Sampling conformational space of intrinsically disordered proteins in explicit solvent: Comparison between well-tempered ensemble approach and solute tempering method

Abstract

Intrinsically disordered proteins (IDPs) are a class of proteins that expected to be largely unstructured under physiological conditions. Due to their heterogeneous nature, experimental characterization of IDP is challenging. Temperature replica exchange molecular dynamics (T-REMD) is a widely used enhanced sampling method to probe structural characteristics of these proteins. However, its application has been hindered due to its tremendous computational cost, especially when simulating large systems in explicit solvent.

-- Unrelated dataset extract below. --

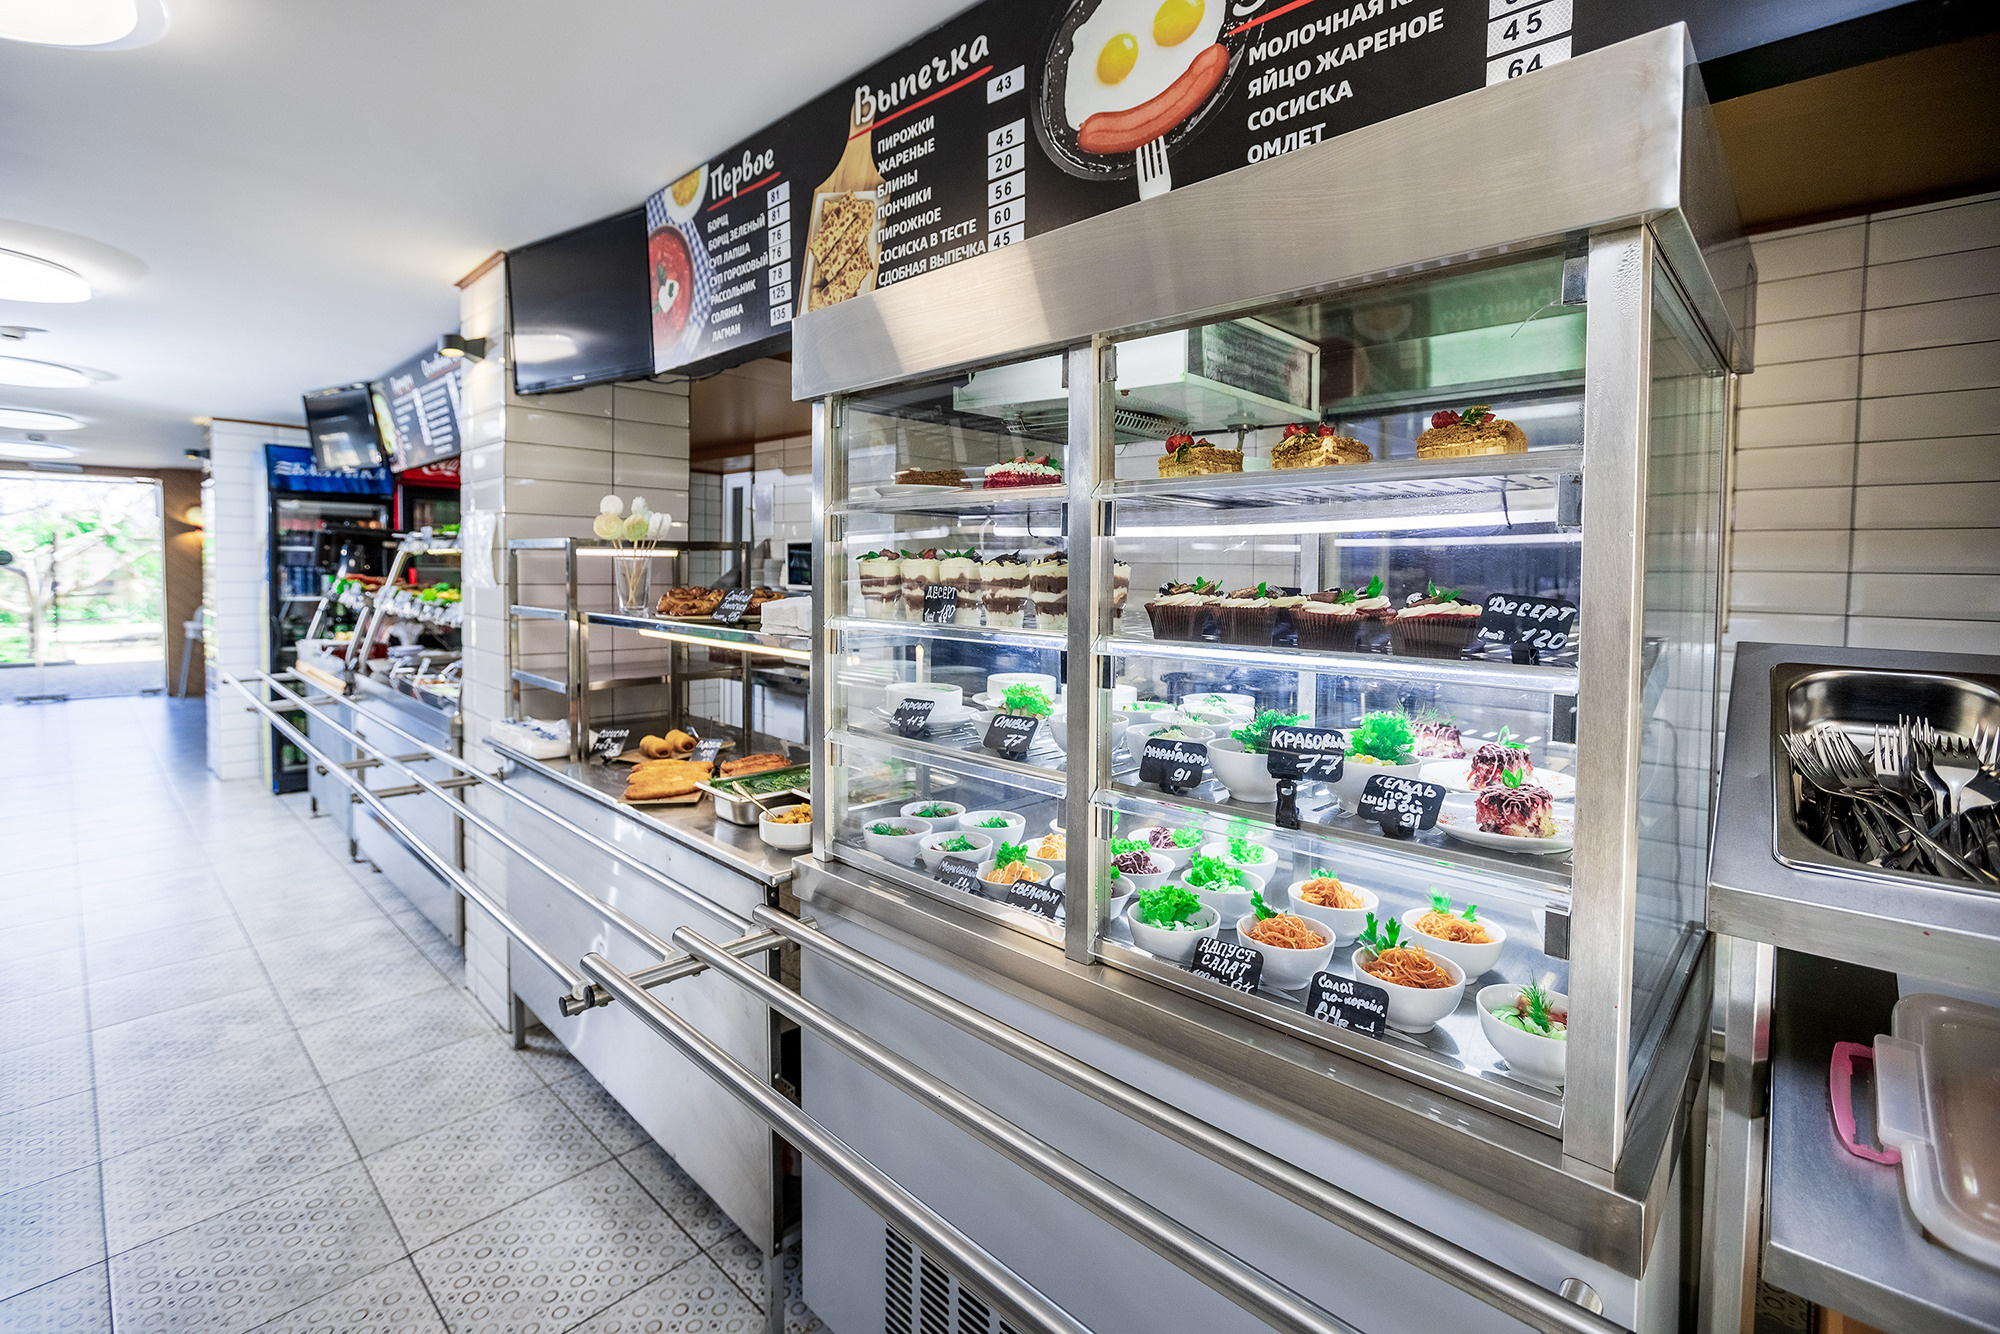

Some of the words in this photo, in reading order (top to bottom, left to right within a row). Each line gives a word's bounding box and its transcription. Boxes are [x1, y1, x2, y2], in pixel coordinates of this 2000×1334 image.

Two methods, parallel tempering well-tempered ensemble (PT-WTE) and replica exchange with solute tempering (REST), have been proposed to alleviate the computational expense of T-REMD. In this work, we select three different IDP systems to compare the sampling characteristics and efficiencies of the two methods Both the two methods could efficiently sample the conformational space of IDP and yield highly consistent results for all the three IDPs. The efficiencies of the two methods: are compatible, with about 5–6 times better than the plain T-REMD. Besides, the advantages and disadvantages of each method are also discussed. Specially, the PT-WTE method could provide temperature dependent data of the system which could not be achieved by REST, while the REST method could readily be used to a part of the system, which is quite efficient to simulate some biological processes.